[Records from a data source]
══════════

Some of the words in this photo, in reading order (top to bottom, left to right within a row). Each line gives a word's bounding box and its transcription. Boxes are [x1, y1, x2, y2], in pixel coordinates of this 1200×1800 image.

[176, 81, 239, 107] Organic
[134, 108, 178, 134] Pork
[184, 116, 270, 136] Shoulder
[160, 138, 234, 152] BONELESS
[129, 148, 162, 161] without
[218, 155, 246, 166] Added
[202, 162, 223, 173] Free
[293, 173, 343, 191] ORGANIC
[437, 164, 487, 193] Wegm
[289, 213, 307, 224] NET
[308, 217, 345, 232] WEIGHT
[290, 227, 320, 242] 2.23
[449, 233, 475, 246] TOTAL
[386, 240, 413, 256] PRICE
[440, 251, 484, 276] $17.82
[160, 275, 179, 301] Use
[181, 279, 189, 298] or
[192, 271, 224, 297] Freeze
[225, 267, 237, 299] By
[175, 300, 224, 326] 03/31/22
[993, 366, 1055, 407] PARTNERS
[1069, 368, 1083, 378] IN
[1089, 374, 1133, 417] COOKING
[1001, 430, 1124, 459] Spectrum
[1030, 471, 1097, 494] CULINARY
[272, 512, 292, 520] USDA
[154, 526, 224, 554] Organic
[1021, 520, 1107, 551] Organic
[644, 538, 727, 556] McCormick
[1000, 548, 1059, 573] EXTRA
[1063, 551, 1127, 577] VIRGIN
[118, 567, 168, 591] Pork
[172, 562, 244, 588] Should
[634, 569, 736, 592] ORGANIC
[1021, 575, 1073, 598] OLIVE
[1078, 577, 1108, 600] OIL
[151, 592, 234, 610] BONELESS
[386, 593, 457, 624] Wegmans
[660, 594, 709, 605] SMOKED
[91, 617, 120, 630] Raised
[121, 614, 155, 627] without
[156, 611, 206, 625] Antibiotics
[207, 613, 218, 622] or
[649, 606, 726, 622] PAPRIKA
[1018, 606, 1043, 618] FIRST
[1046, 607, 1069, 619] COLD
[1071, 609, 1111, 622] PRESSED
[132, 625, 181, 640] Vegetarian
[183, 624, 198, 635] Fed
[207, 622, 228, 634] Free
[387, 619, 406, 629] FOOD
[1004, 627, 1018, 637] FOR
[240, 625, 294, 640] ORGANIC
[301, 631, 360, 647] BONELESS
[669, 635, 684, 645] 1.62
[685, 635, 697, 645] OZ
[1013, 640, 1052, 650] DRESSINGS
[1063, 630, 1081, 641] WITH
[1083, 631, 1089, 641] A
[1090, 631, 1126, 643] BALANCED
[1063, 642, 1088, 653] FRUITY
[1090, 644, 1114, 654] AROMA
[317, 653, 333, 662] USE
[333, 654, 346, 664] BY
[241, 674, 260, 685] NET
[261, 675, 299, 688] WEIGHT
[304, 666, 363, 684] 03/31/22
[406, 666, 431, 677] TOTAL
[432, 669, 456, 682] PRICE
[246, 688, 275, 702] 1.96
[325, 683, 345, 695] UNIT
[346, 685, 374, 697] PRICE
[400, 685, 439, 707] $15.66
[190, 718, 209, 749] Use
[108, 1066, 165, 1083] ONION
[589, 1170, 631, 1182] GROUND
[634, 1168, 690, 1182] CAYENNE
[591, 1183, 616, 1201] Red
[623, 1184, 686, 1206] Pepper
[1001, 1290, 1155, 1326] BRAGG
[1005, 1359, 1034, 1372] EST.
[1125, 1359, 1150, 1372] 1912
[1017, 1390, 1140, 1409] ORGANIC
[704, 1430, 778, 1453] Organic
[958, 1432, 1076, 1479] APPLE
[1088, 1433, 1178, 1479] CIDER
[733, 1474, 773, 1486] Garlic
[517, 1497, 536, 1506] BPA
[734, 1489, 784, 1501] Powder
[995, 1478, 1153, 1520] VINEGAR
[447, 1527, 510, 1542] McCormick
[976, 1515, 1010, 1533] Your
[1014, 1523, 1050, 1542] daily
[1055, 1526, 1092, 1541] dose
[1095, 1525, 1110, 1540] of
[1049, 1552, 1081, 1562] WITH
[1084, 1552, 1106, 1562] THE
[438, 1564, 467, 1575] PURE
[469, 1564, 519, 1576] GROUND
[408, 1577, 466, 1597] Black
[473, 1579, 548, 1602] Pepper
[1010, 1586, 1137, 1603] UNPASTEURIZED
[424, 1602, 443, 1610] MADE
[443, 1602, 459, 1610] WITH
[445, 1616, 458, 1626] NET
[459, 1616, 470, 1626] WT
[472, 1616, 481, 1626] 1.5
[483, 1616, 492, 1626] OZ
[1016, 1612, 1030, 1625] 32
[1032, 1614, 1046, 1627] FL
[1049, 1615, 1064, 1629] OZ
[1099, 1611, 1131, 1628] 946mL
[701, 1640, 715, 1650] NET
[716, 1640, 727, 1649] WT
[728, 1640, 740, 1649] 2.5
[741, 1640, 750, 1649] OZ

══════════

Using the records above, pull out each line where the word "TOTAL" occurs.

• Reply:
[449, 233, 475, 246] TOTAL
[406, 666, 431, 677] TOTAL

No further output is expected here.